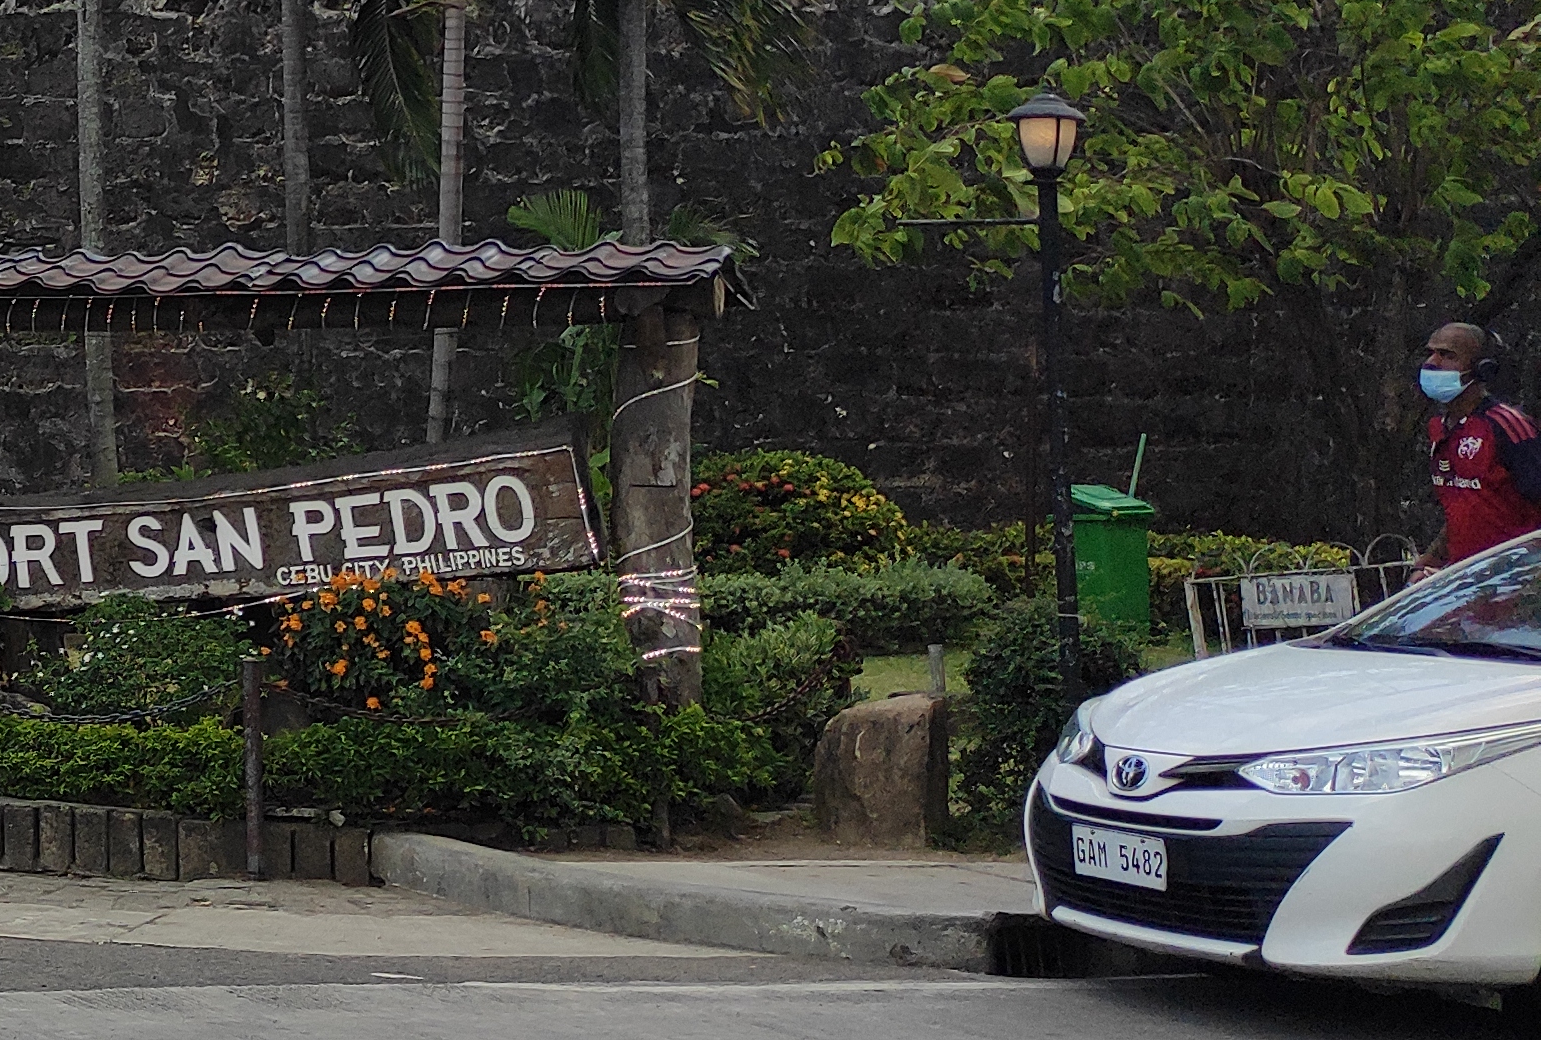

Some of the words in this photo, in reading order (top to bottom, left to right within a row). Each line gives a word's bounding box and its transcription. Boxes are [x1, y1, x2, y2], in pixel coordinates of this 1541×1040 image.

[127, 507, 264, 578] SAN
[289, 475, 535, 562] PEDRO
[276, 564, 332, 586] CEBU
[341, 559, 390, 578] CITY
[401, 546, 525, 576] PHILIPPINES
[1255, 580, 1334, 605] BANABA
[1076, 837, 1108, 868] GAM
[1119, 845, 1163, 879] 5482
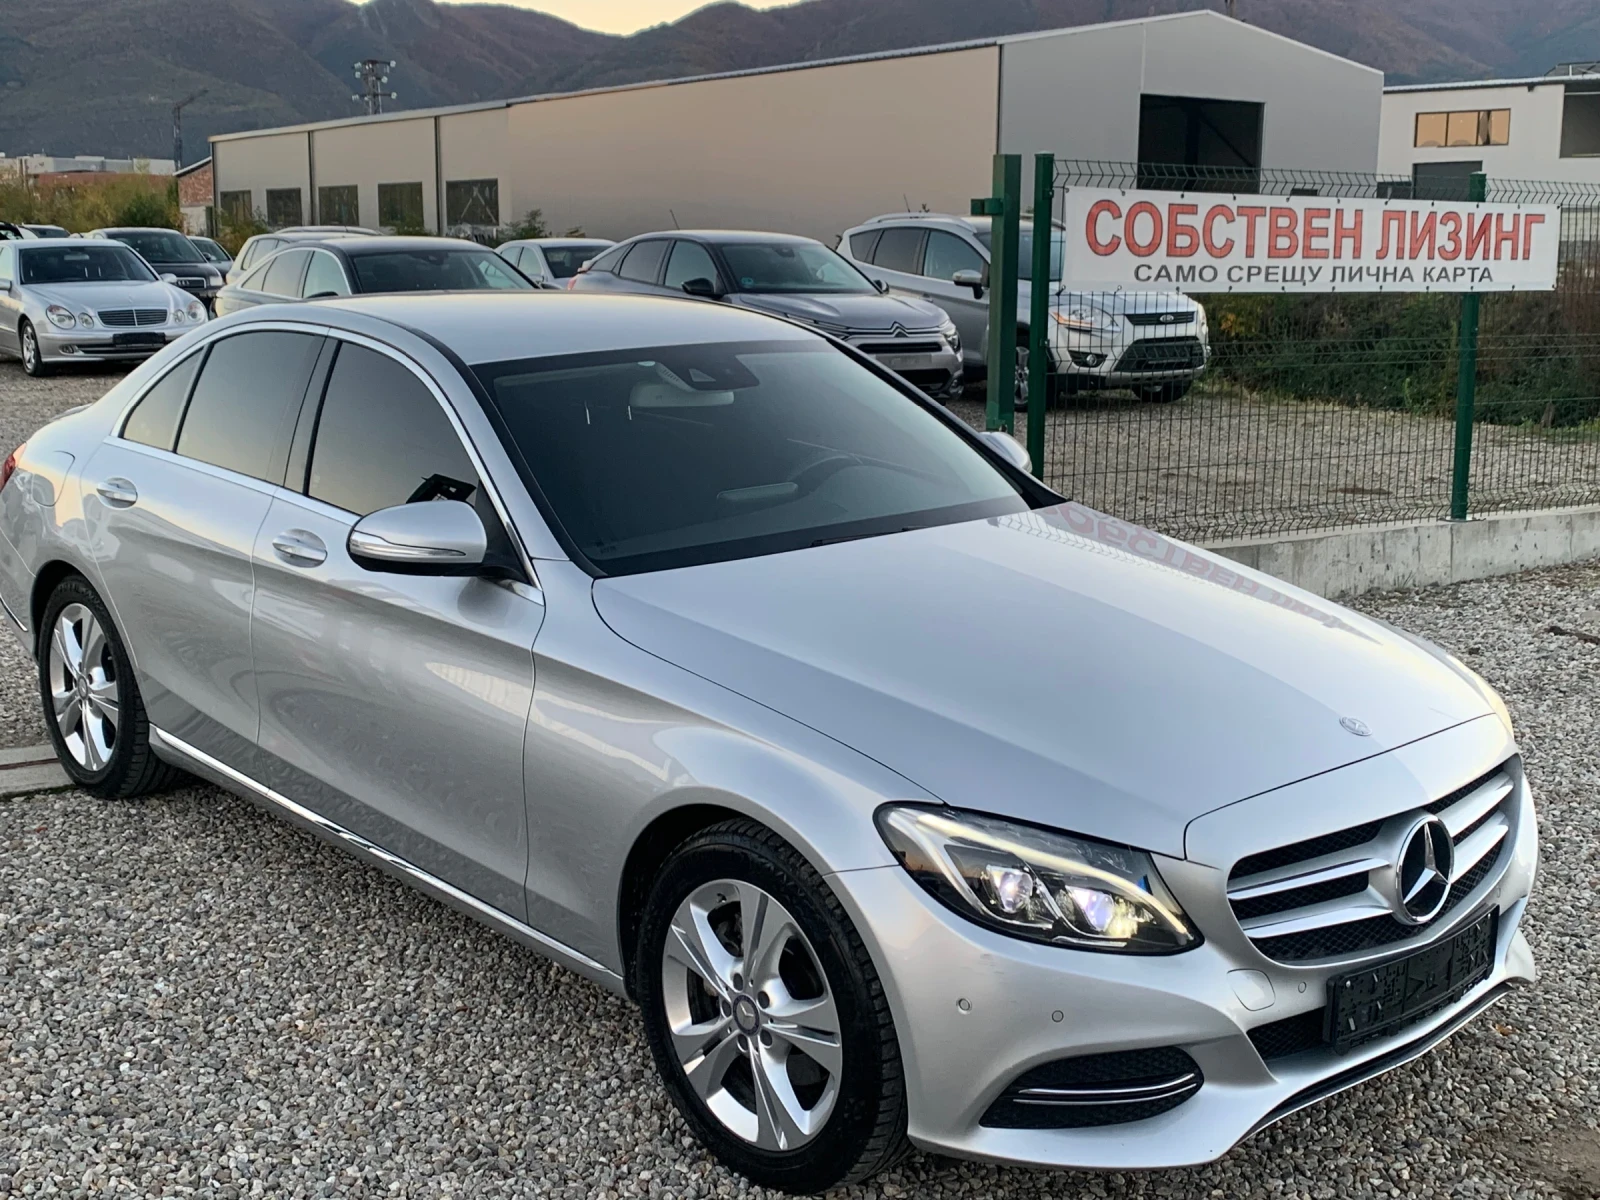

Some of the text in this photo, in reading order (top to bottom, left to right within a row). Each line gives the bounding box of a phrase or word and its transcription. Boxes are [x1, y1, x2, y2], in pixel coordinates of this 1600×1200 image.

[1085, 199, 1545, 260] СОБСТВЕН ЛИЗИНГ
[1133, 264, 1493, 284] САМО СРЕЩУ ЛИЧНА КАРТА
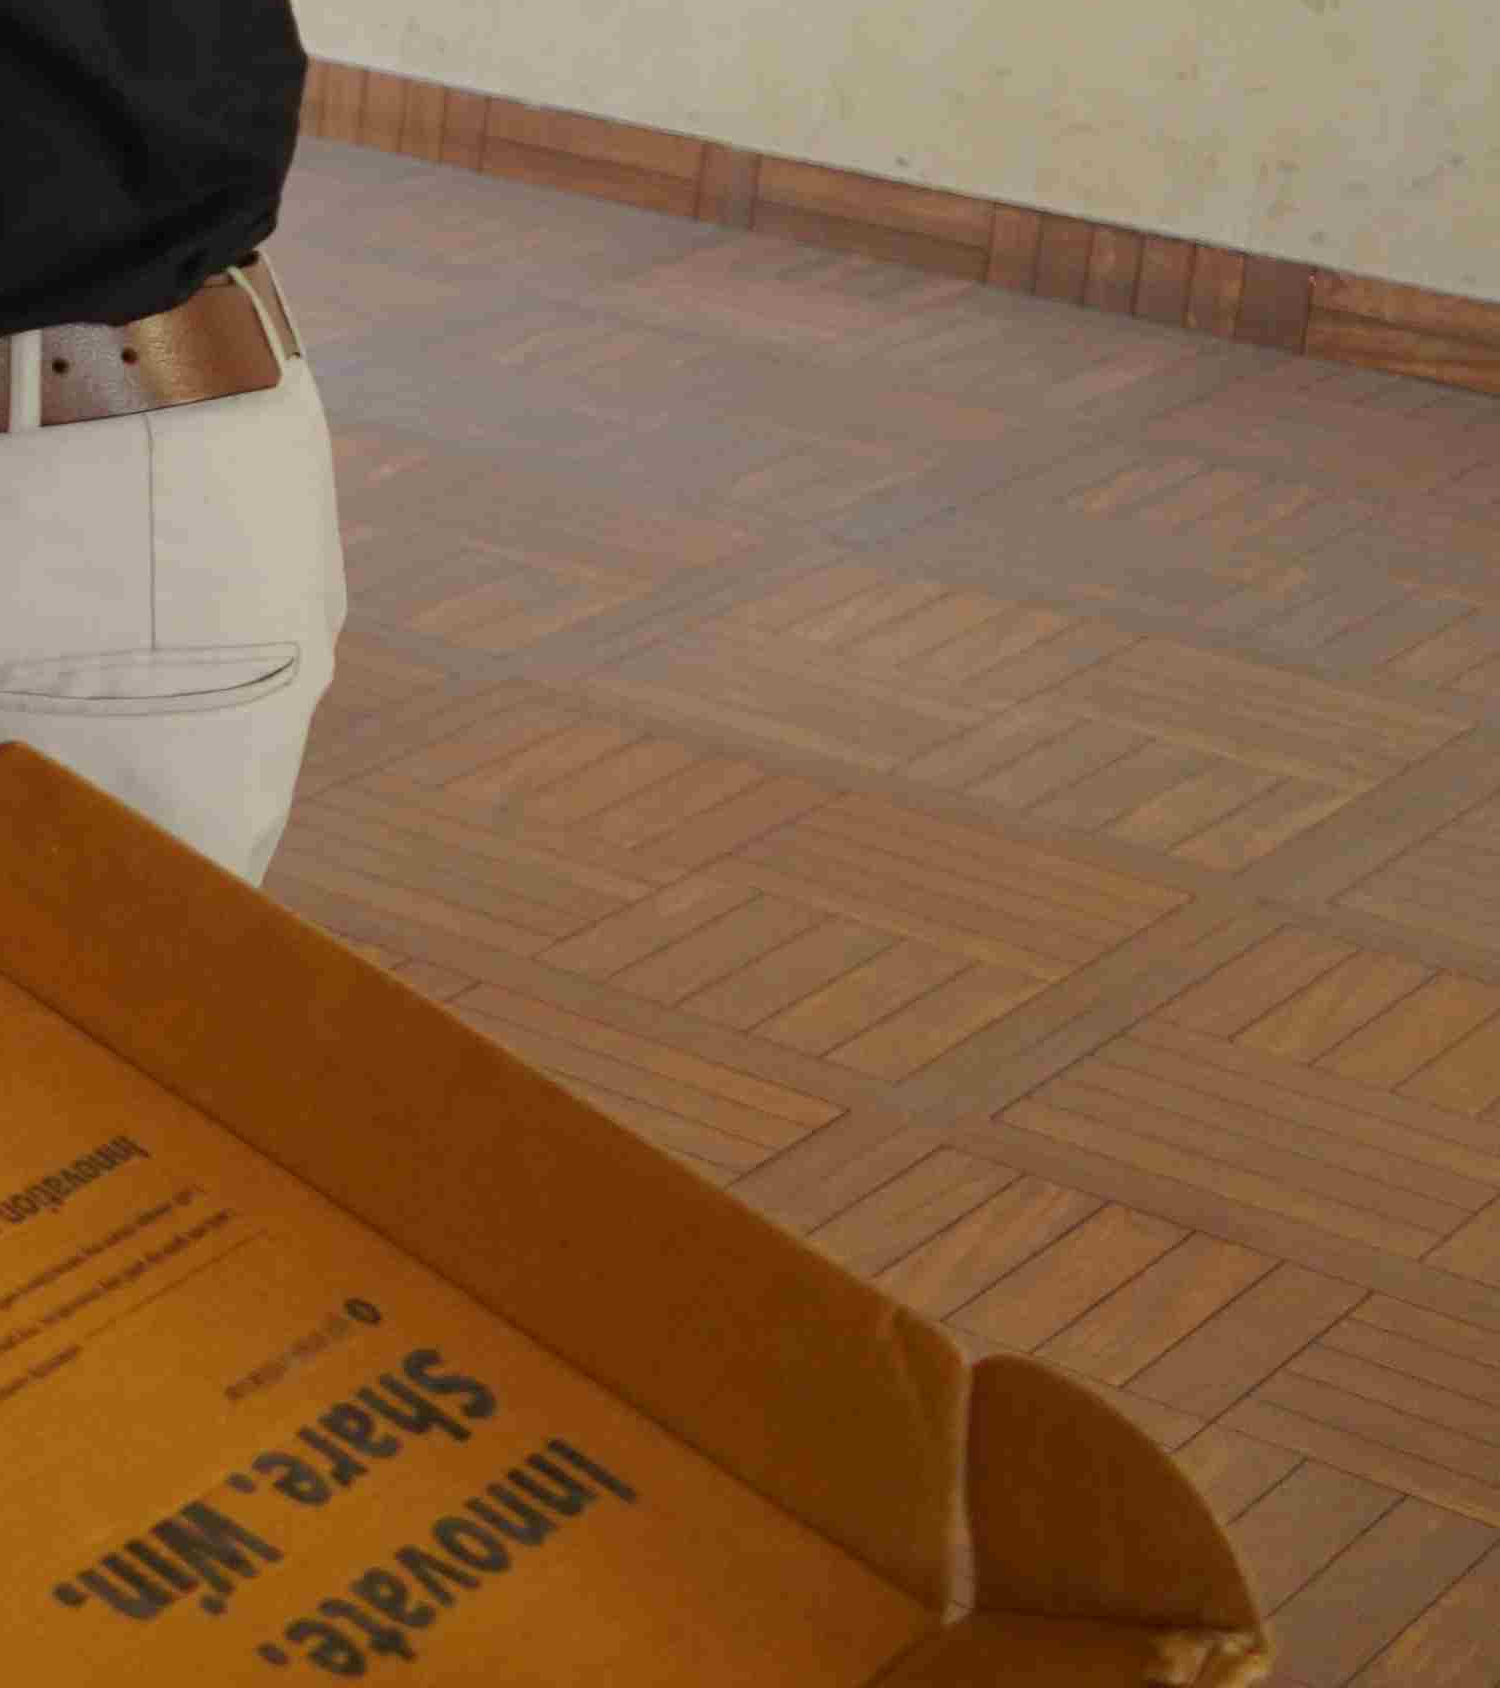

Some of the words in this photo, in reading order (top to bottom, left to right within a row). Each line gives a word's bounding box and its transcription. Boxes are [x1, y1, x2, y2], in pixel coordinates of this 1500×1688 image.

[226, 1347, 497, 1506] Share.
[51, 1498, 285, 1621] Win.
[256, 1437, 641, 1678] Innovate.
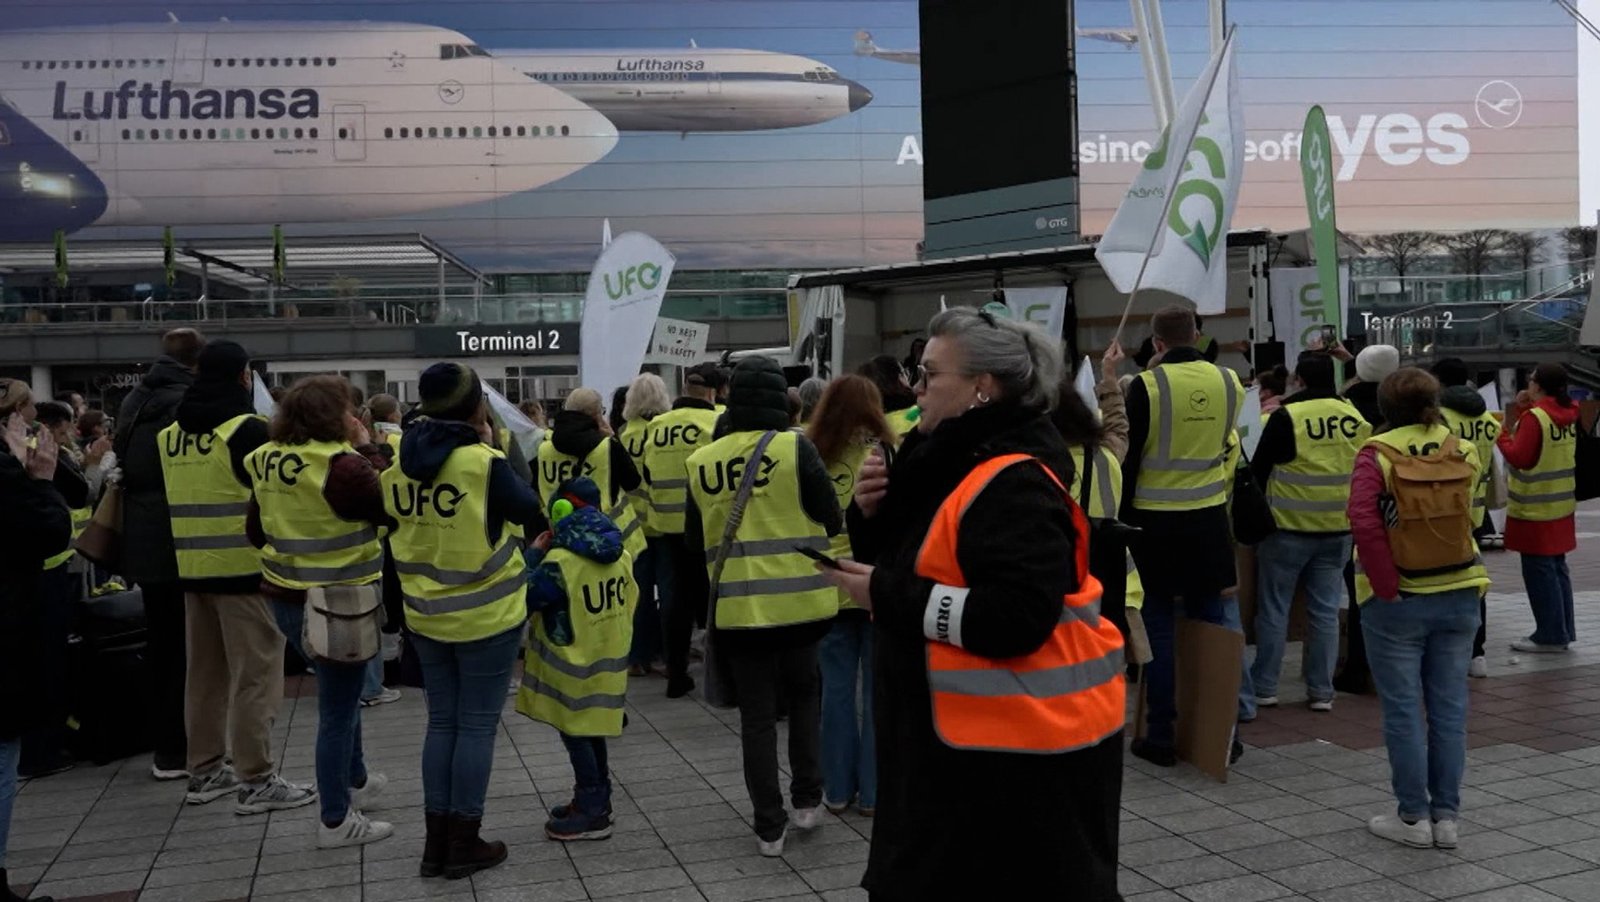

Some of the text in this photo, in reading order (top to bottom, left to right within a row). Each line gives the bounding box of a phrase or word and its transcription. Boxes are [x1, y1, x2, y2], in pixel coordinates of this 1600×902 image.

================

**WORK INSTRUCTION**
With the images left out, output all the entries above exactly.

**PROBLEM SOLUTION**
Some of the words in this photo, in reading order (top to bottom, left to right within a row). Each line gives a word's bounding box and its transcription. Boxes are [x1, y1, x2, y2], in pixel coordinates of this 1541×1040 image.

[127, 507, 264, 578] SAN
[289, 475, 535, 562] PEDRO
[276, 564, 332, 586] CEBU
[341, 559, 390, 578] CITY
[401, 546, 525, 576] PHILIPPINES
[1255, 580, 1334, 605] BANABA
[1076, 837, 1108, 868] GAM
[1119, 845, 1163, 879] 5482

Some of the text in this photo, in reading order (top to bottom, left to right within a row). Each line gives the bounding box of a phrase or word and its transcription. Boxes are [x1, y1, x2, y2], in pixel coordinates of this 1600×1200 image.

[1085, 199, 1545, 260] СОБСТВЕН ЛИЗИНГ
[1133, 264, 1493, 284] САМО СРЕЩУ ЛИЧНА КАРТА

Some of the words in this photo, in reading order (top to bottom, left to right within a row). Each line gives a word's bounding box and its transcription. Boxes are [x1, y1, x2, y2], in pixel coordinates of this 1500×1688 image.

[226, 1347, 497, 1506] Share.
[51, 1498, 285, 1621] Win.
[256, 1437, 641, 1678] Innovate.

Some of the text in this photo, in reading order (top to bottom, left to right within a row). Each line gives the bounding box of a phrase or word and its transcription. Boxes are [x1, y1, x2, y2], in pixel coordinates of this 1600×902 image.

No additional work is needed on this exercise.